In short, lightweight LLMs put AI capabilities directly in your hands, on hardware you own. Next, we’ll compare some of the leading open models that are well-suited for local document processing.

Comparing Top Lightweight LLMs

Lightweight open-source large language models (LLMs) are becoming a practical choice for organizations looking to run AI workloads locally. They offer a strong balance between performance, speed, and resource requirements—making them ideal for document summarization, extraction, and classification without relying on cloud infrastructure.

We’ll focus on the following open-source models (each with downloadable checkpoints) that have a good reputation for quality relative to their size:

- Llama 3.1 – 8B parameters (Meta AI)
- StableLM Zephyr – 3B parameters (Stability AI)

- Llama 3.2 – 1B/3B parameters (Meta AI)

- Mistral – 7B parameters (Mistral AI)

- Gemma 3 – 1B and 4B variants (Google DeepMind)

- DeepSeek R1 – 1.5B and 7B variants (DeepSeek AI)

- Phi-4 Mini – 3.8B parameters (Microsoft)

- TinyLlama – 1.1B parameters (community project)

These models range from very small (under 1 GB on disk) to mid-sized (~5 GB).
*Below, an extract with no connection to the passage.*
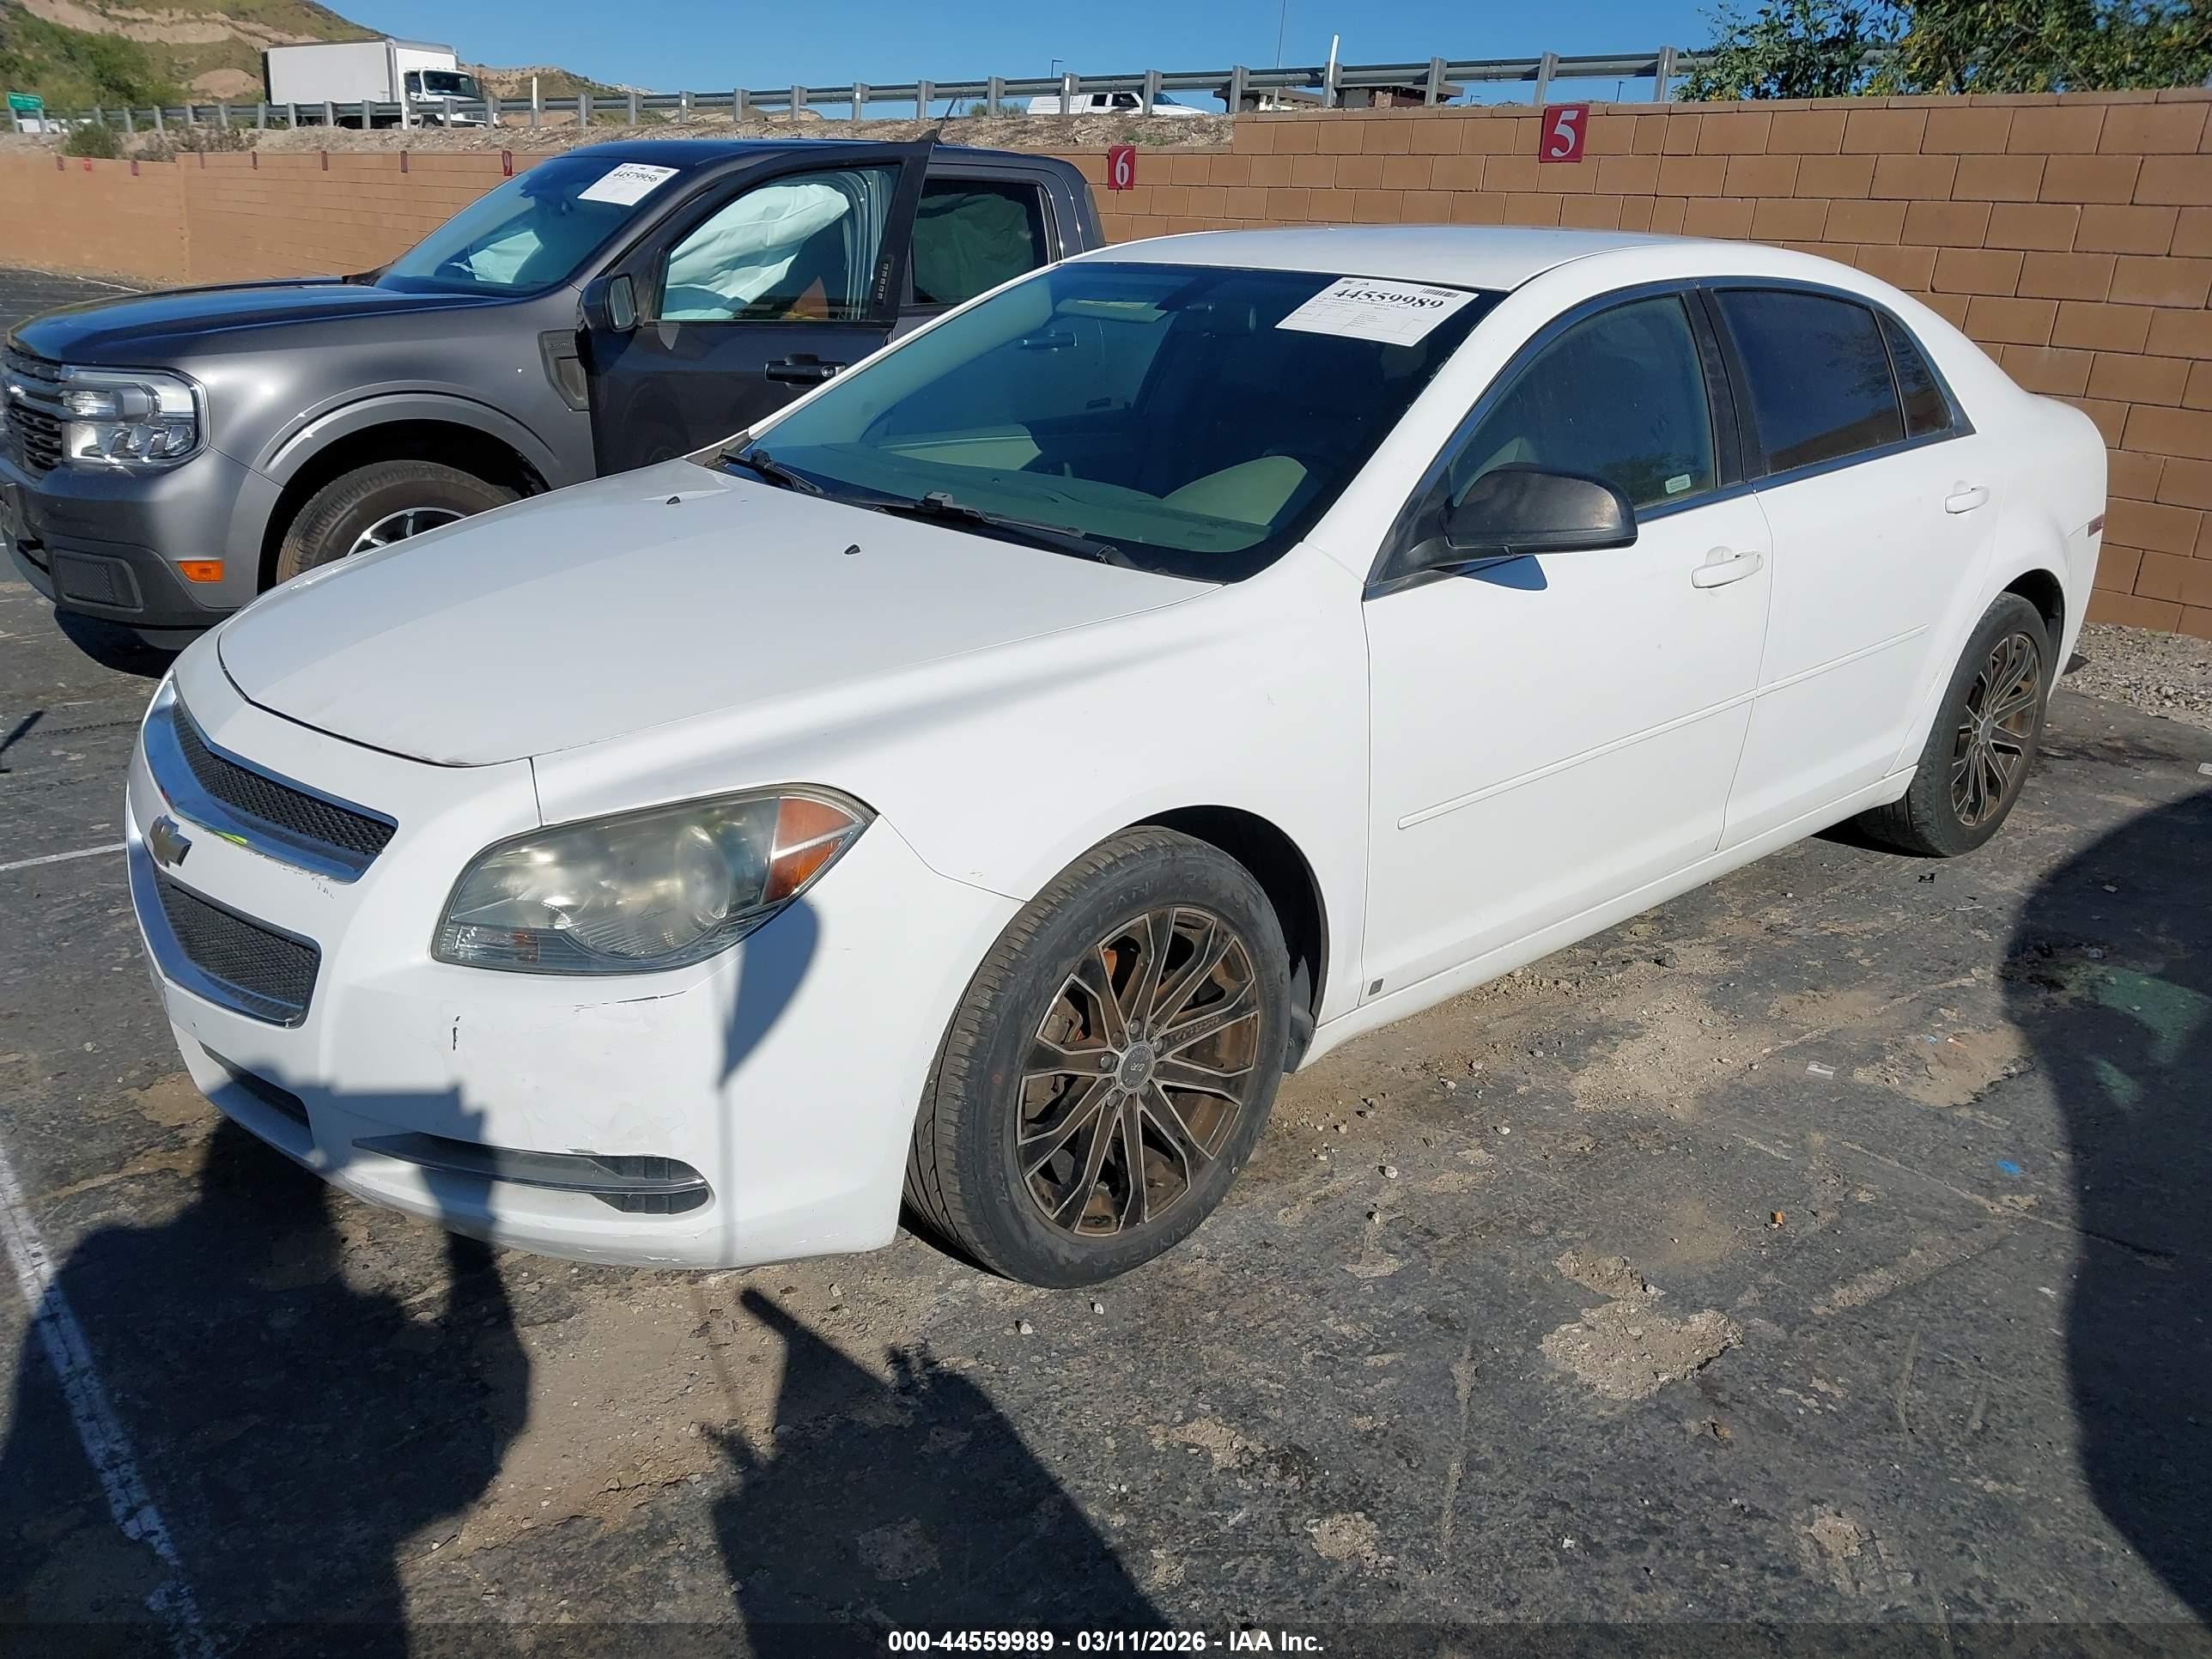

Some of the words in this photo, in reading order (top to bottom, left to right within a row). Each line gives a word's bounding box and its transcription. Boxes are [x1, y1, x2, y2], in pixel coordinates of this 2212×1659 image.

[1551, 110, 1579, 157] 5
[1115, 149, 1130, 185] 6
[1333, 288, 1444, 309] 44559989
All can be run in inference mode on a 16 GB GPU (often even in half-precision or 4-bit quantized form) and many are workable on CPU with enough RAM and patience. Table 1 summarizes their characteristics:

Model	Size on Disk (quantized)	Max Context	Licence
Llama 3.1 (8B)	4.9GB	128k tokens	Open-source
StableLM Zephyr (3B)	1.6GB	4k tokens	Only non-commercial use
Llama 3.2 (3B)	2.0GB	128k tokens	Open-source
Mistral (7B)	4.1GB	32k tokens	Open-source (Apache 2.0)
Gemma 3 (4B)	3.3GB	128k tokens	Open-source
Gemma 3 (1B)	0.8GB	32k tokens	Open-source
DeepSeek R1 (7B)	4.7GB	128k tokens	Open-source (MIT licence)
DeepSeek R1 (1.5B)	1.1GB	128k tokens	Open-source (MIT licence)
Phi-4 Mini (3.8B)	2.5GB	128k tokens	Open-source
TinyLlama (1.1B)	0.6GB	2k tokens	Open-source

Table 1: Lightweight LLMs for local use – model sizes and maximum context window.

Notes: “Max Context” is the maximum sequence length (tokens) the model can process in one go.
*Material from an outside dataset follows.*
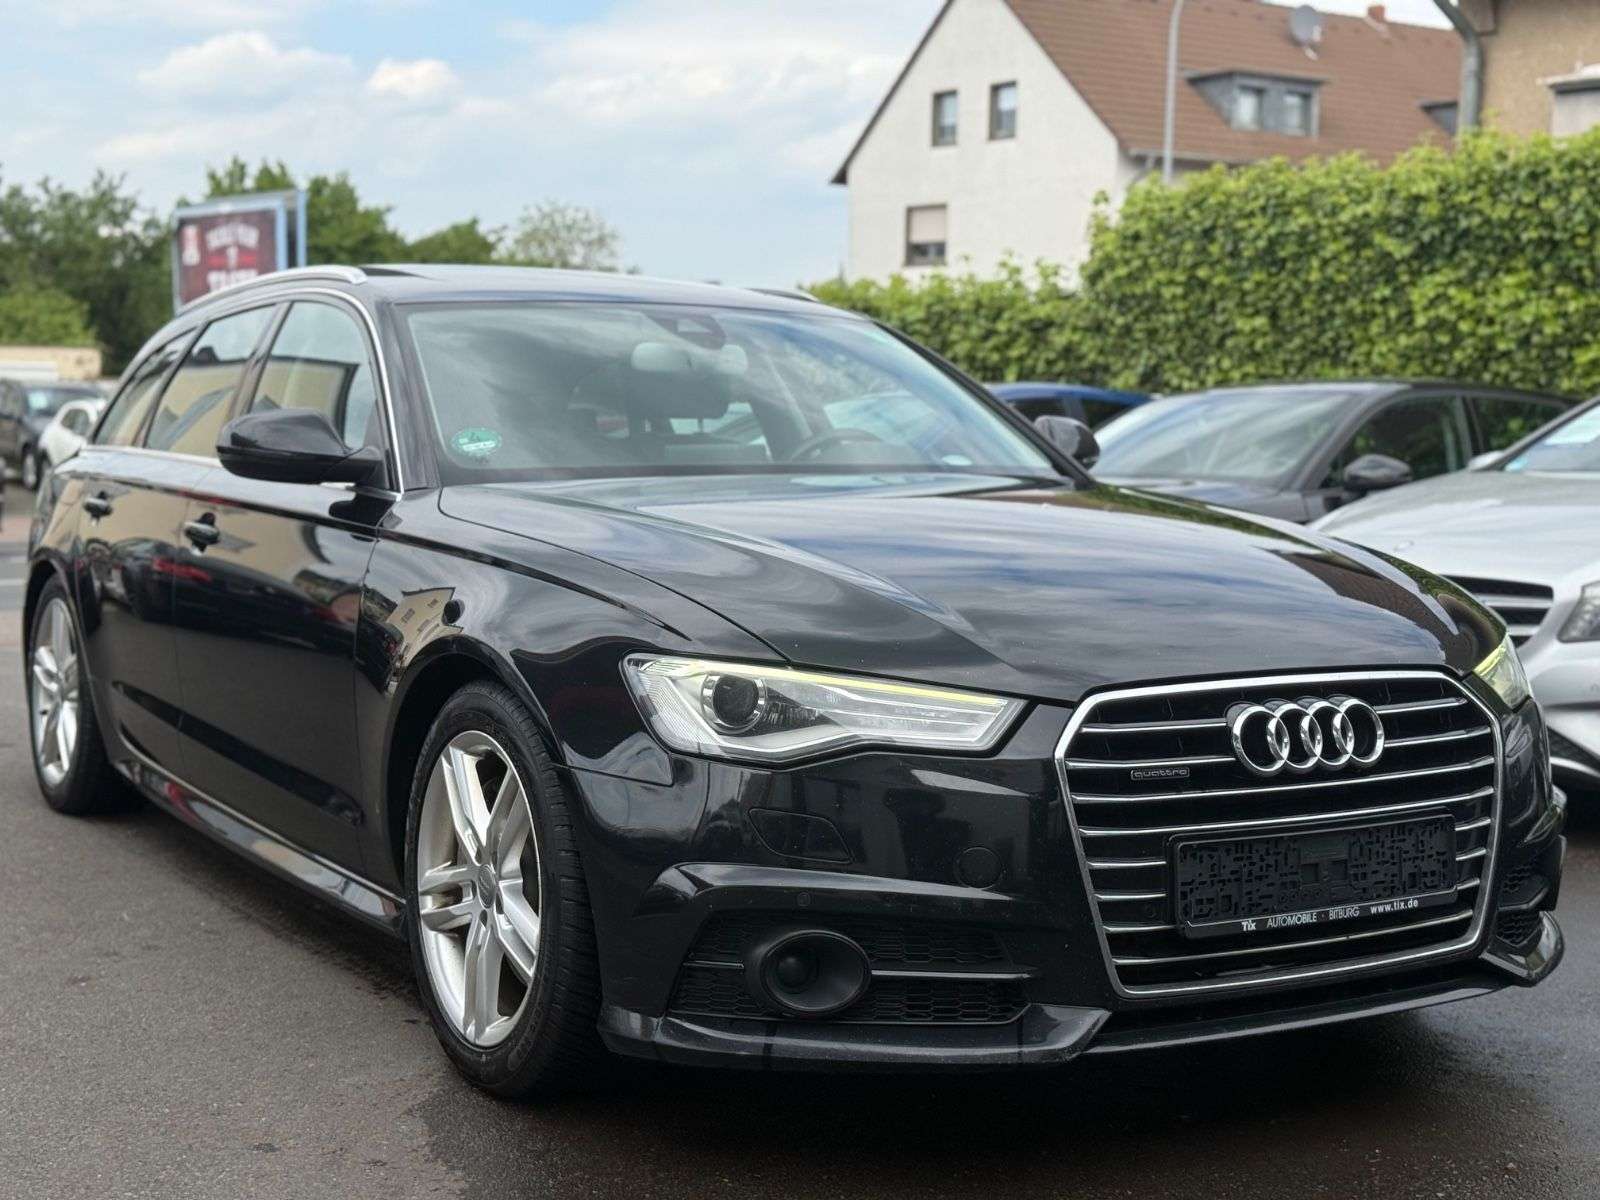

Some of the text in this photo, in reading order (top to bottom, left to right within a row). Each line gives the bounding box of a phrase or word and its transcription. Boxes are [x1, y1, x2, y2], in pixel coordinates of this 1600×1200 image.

[1133, 769, 1188, 780] quattro
[1266, 912, 1317, 929] AUTOMOBILE
[1329, 907, 1360, 920] BITBURG
Next, let’s look at each model’s pros and cons, especially in the context of document tasks:

- Llama 3.1 (8B): Powerful general-purpose model; moderate size and strong multilingual capabilities. Heavy for CPU-only systems; requires chunking for long documents.

- StableLM Zephyr (3B): Ultra-lightweight, good for basic QA/extraction. Limited by small parameter count and commercial license restrictions.

- Llama 3.2 (3B): Excellent summarization and retrieval; long context support (128k tokens). Smaller size affects complex reasoning accuracy.

- Mistral (7B): Best overall performer for its size; highly efficient inference. Ideal for detailed summarization tasks.

- Gemma 3 (4B/1B): Offers multimodal capabilities and extensive multilingual support. The 4B model balances capability and speed; the 1B model best suited for simple tasks.

- DeepSeek R1 (7B/1.5B): Balanced efficiency and comprehension for general NLP tasks; limited complex reasoning compared to Mistral.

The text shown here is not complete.